BEGIN INFORMATION GIVEN
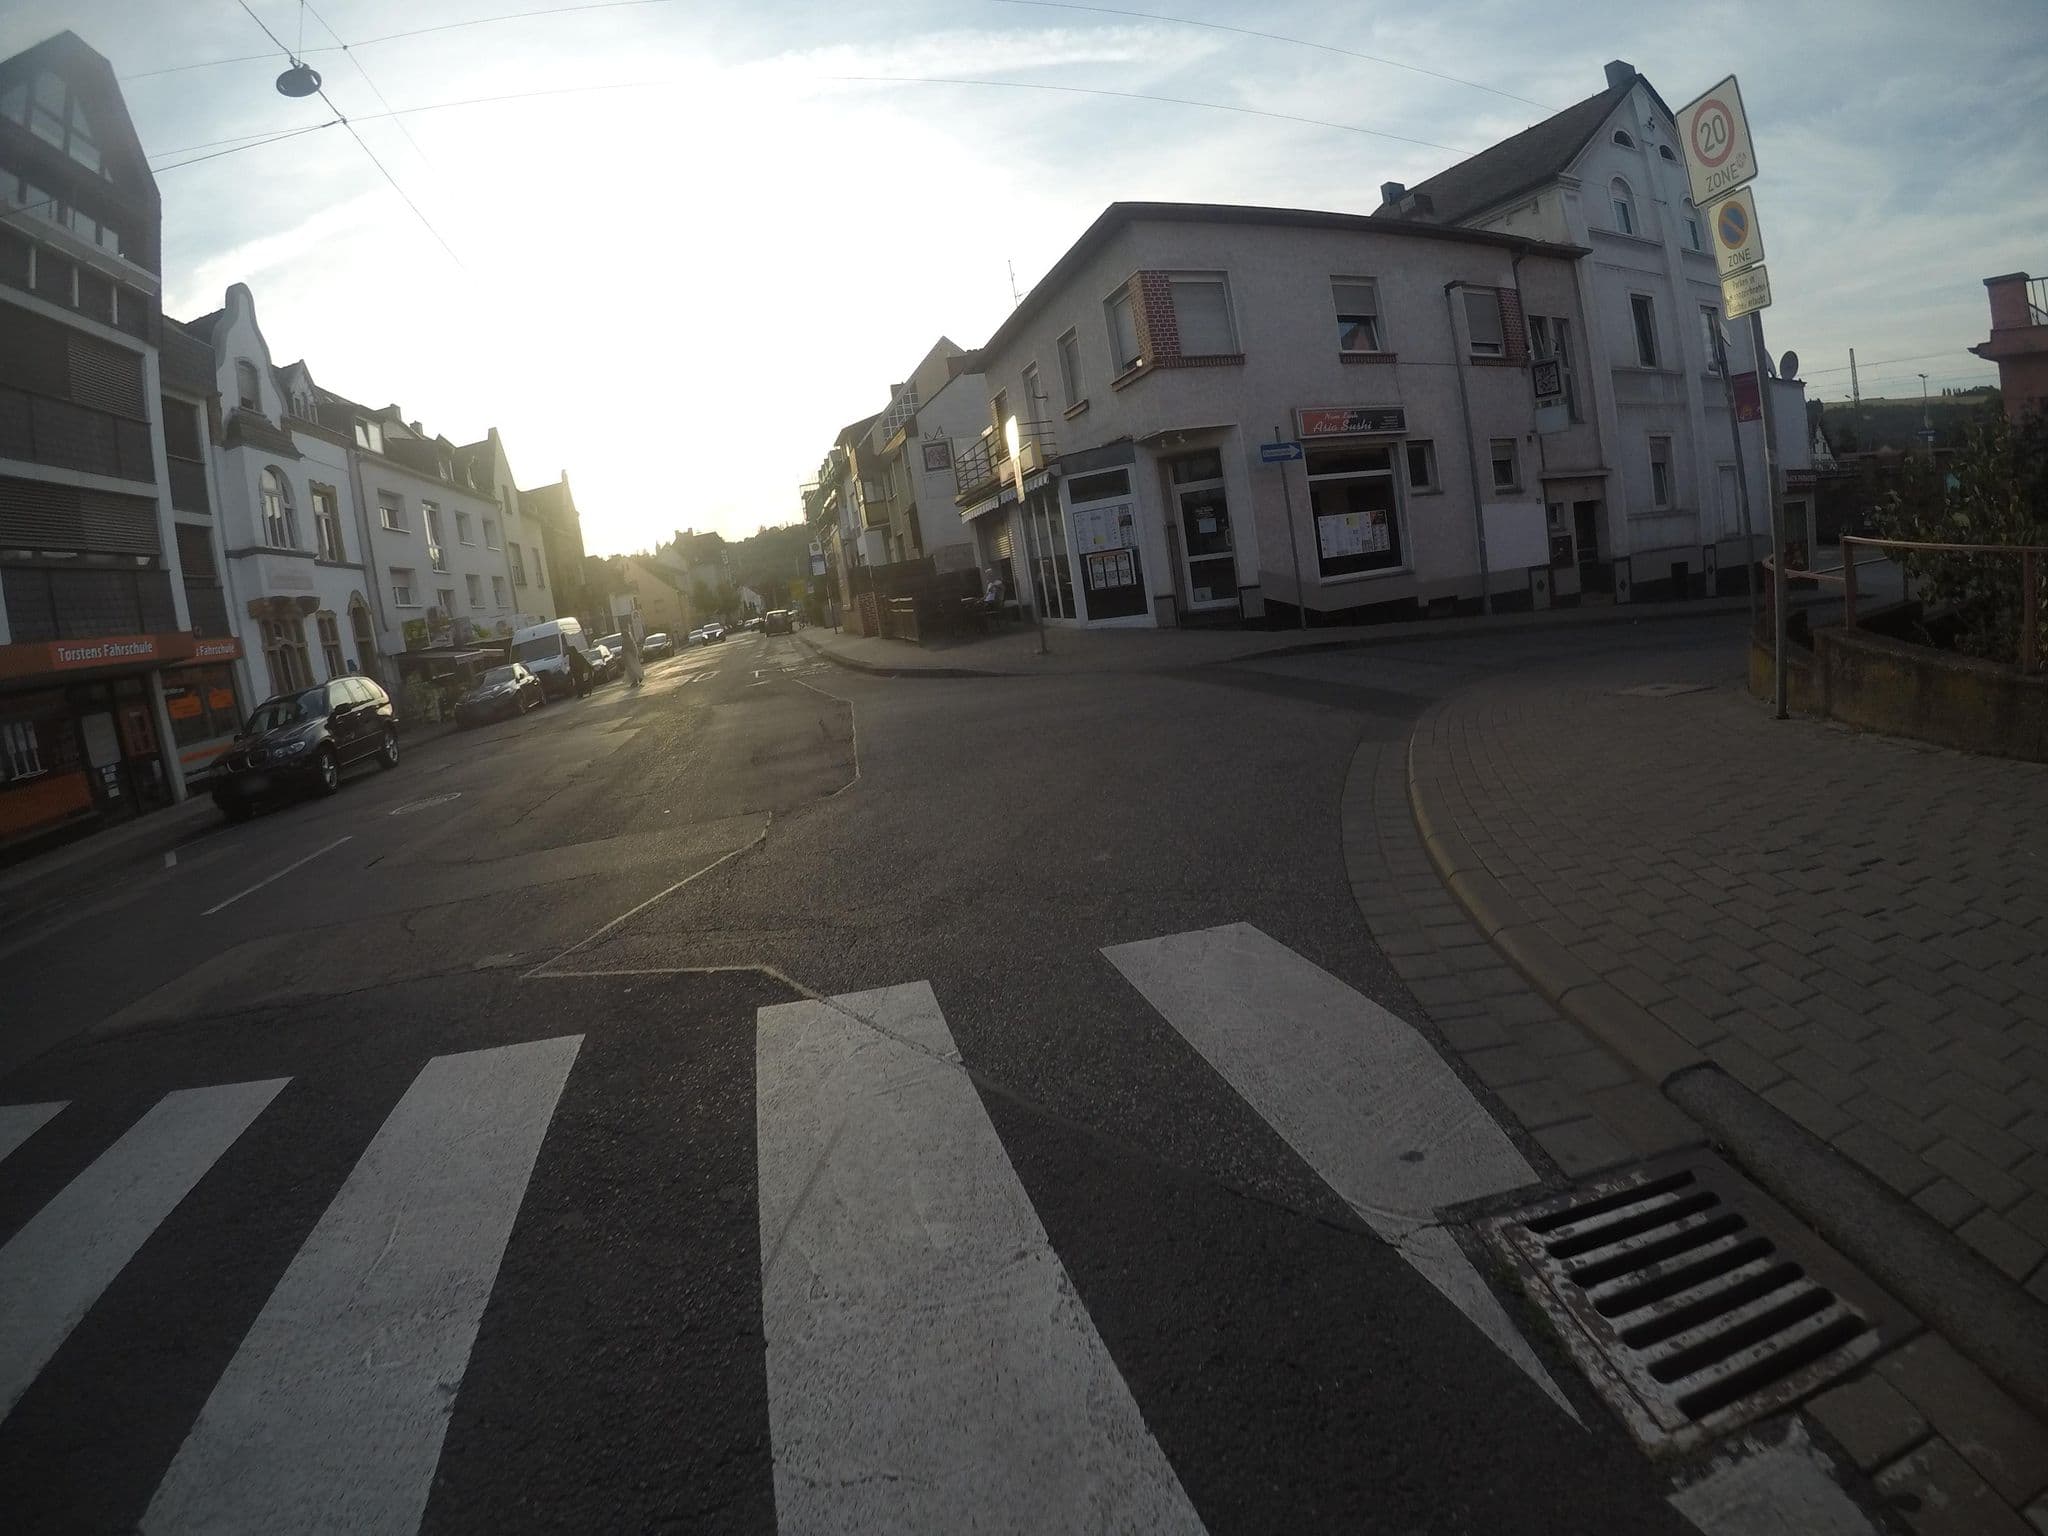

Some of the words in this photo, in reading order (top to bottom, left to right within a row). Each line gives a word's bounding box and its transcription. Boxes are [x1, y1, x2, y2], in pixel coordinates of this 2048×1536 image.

[1700, 114, 1726, 152] 20
[1705, 163, 1739, 192] ZONE
[1728, 248, 1752, 267] ZONE
[1313, 421, 1338, 433] Asia
[1341, 418, 1372, 431] Sushi
[57, 646, 102, 662] Torstens
[103, 640, 153, 657] Fahrschule
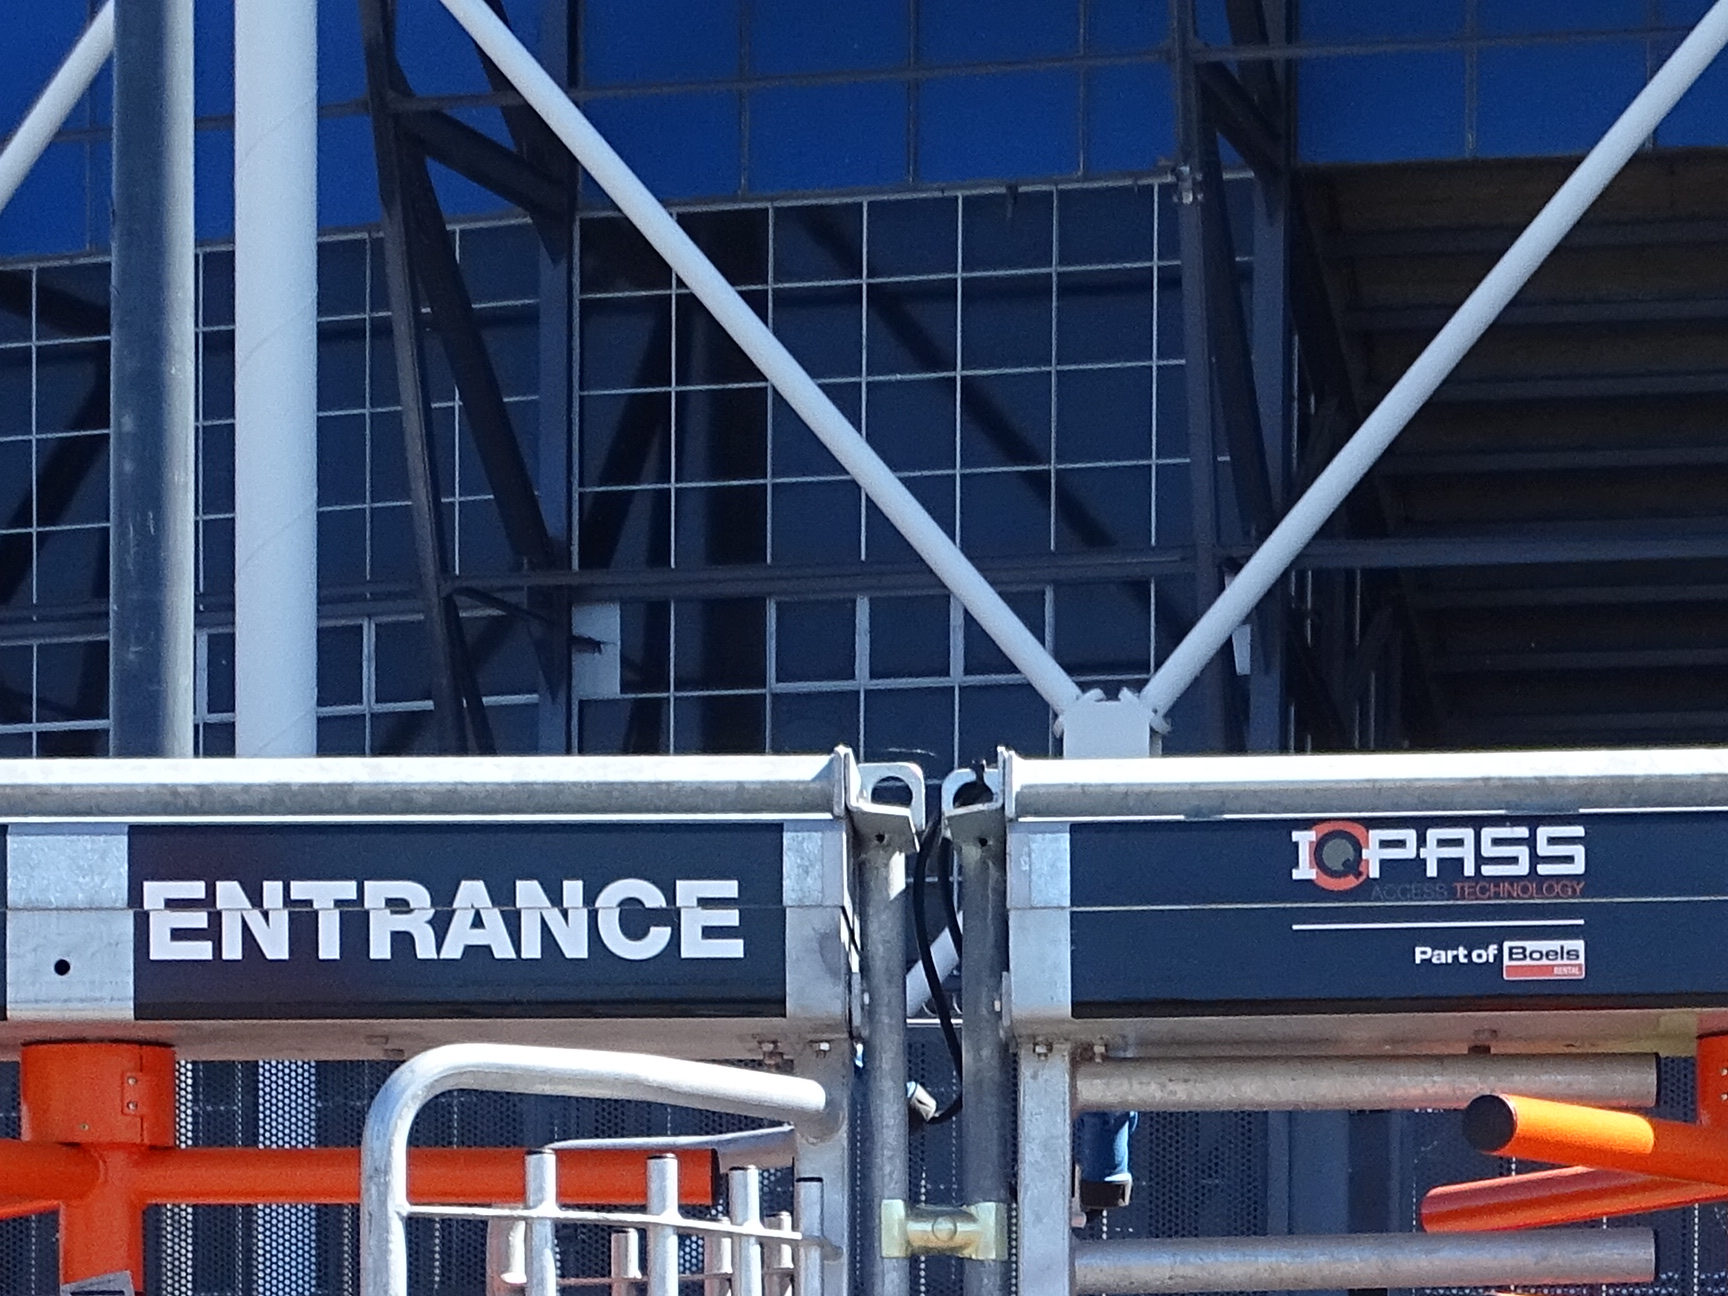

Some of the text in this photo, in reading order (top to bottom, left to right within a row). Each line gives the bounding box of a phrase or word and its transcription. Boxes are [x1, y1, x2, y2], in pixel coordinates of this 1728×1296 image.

[1452, 881, 1585, 899] TECHNOLOGY
[142, 878, 745, 960] ENTRANCE
[1415, 945, 1580, 965] Part of Boels
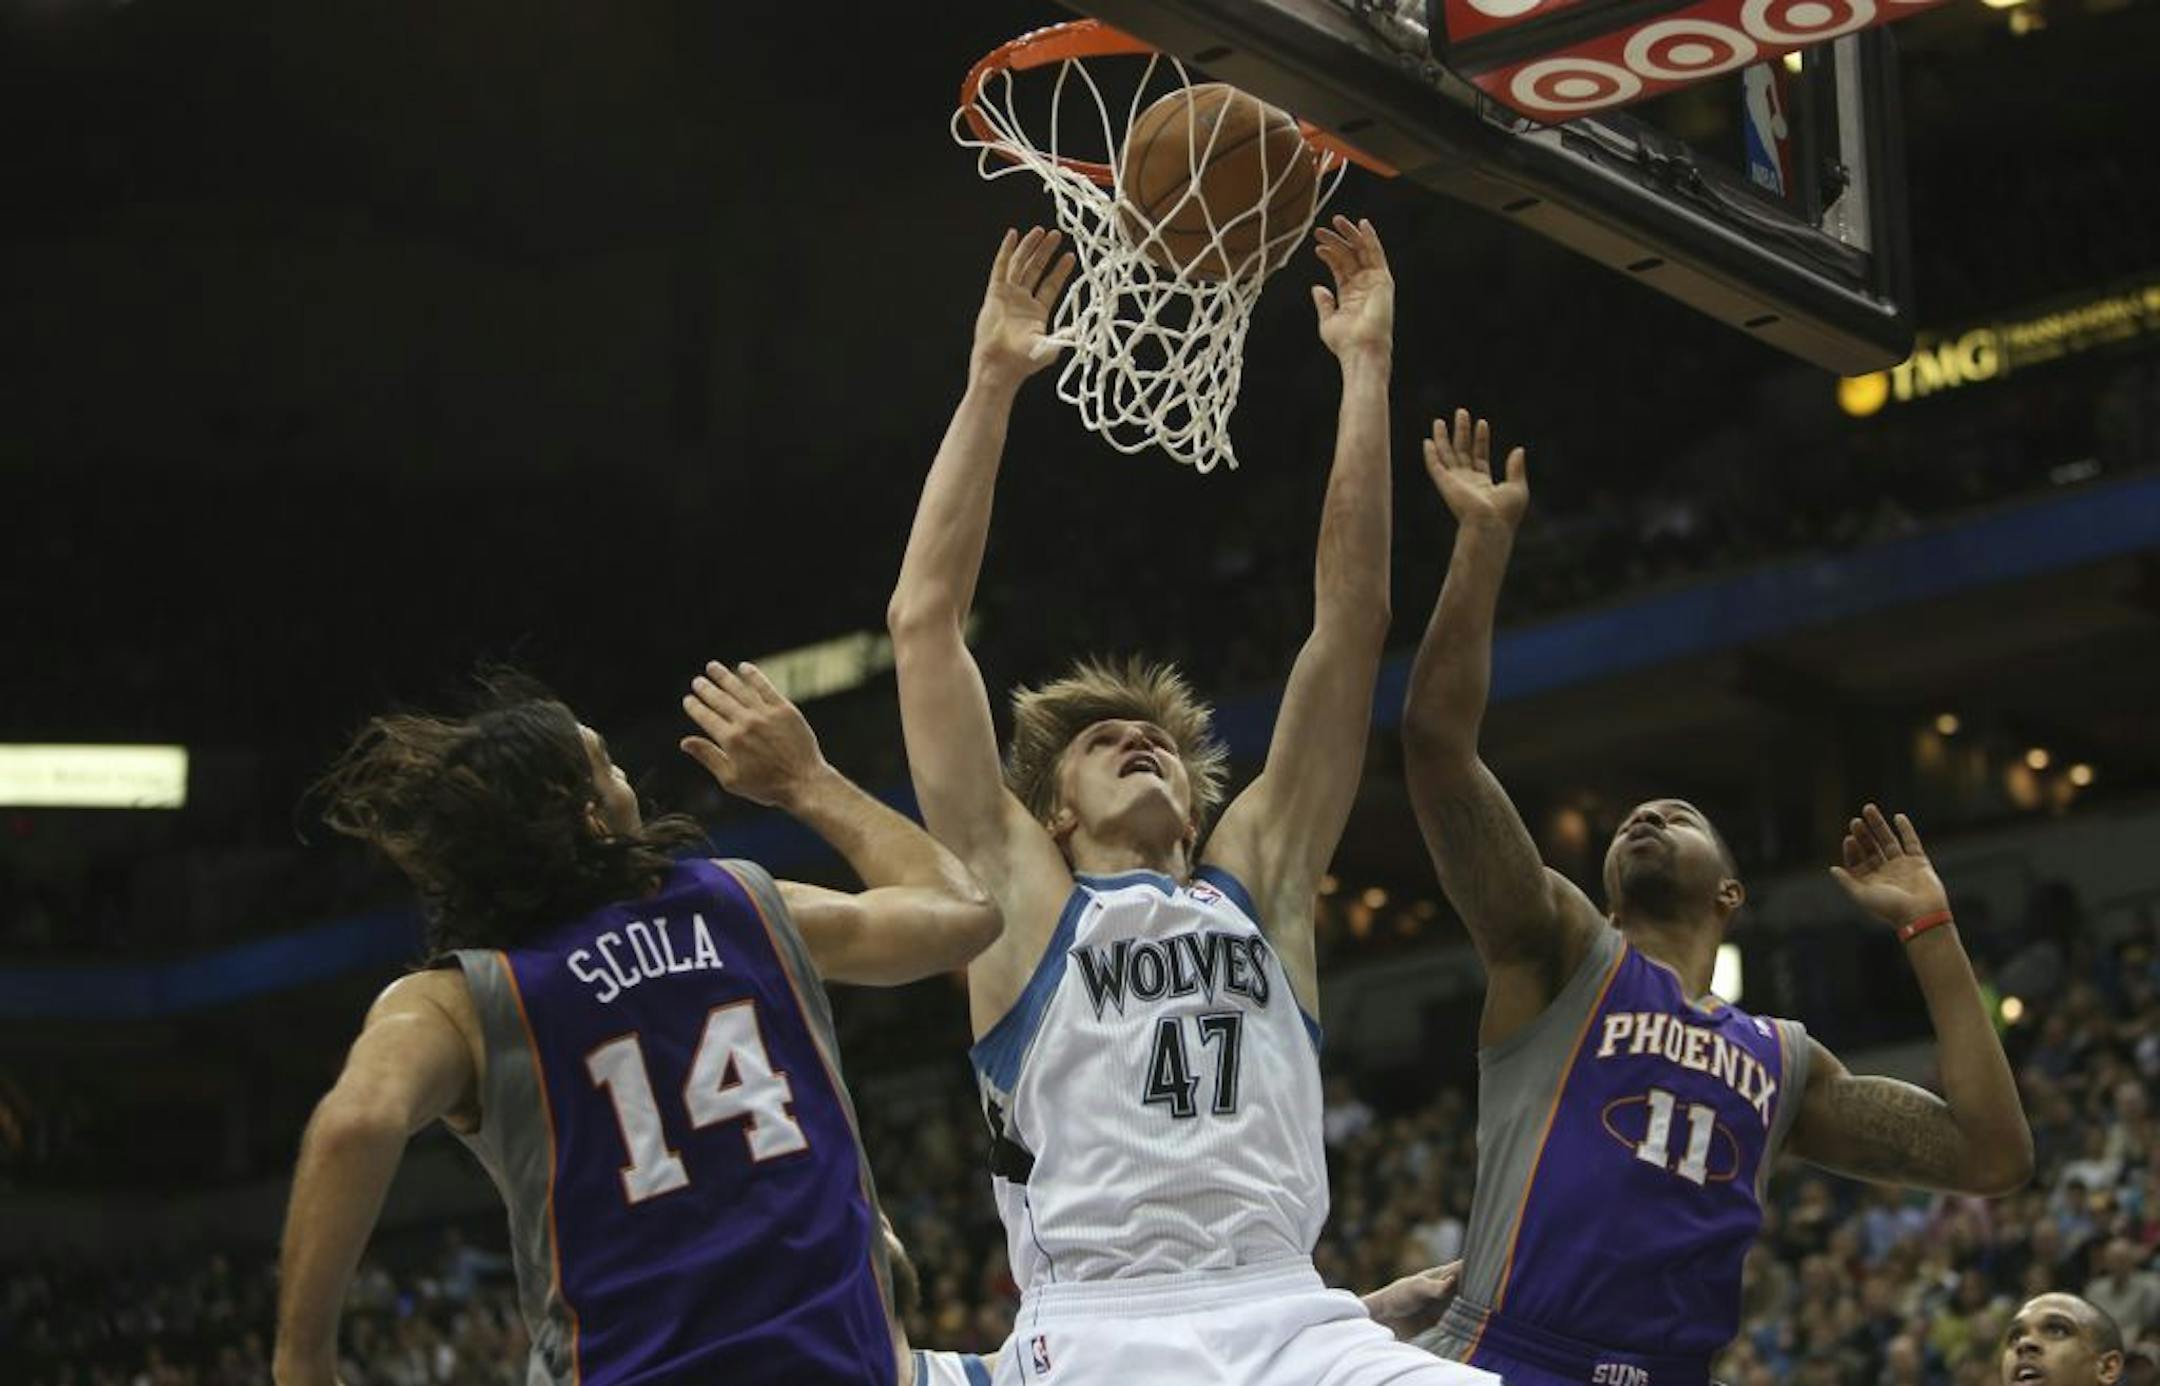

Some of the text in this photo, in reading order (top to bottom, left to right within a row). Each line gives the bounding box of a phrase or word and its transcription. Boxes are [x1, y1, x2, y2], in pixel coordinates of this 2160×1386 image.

[567, 914, 723, 1003] SCOLA
[1069, 932, 1270, 1022] WOLVES
[584, 999, 809, 1204] 14
[1143, 1011, 1244, 1118] 47
[1597, 1012, 1776, 1130] PHOENIX
[1636, 1087, 1717, 1187] 11
END INFORMATION GIVEN
- **TASK GOAL**
Nothing is needed beyond an exact transcription of the lines from the one containing "this 1728×1296 image." to the end of the entries above, with the pictures omitted.

- **TASK OUTPUT**
Some of the text in this photo, in reading order (top to bottom, left to right within a row). Each line gives the bounding box of a phrase or word and its transcription. Boxes are [x1, y1, x2, y2], in pixel coordinates of this 1728×1296 image.

[1452, 881, 1585, 899] TECHNOLOGY
[142, 878, 745, 960] ENTRANCE
[1415, 945, 1580, 965] Part of Boels

Some of the text in this photo, in reading order (top to bottom, left to right within a row). Each line gives the bounding box of a phrase or word and its transcription. Boxes are [x1, y1, x2, y2], in pixel coordinates of this 2160×1386 image.

[567, 914, 723, 1003] SCOLA
[1069, 932, 1270, 1022] WOLVES
[584, 999, 809, 1204] 14
[1143, 1011, 1244, 1118] 47
[1597, 1012, 1776, 1130] PHOENIX
[1636, 1087, 1717, 1187] 11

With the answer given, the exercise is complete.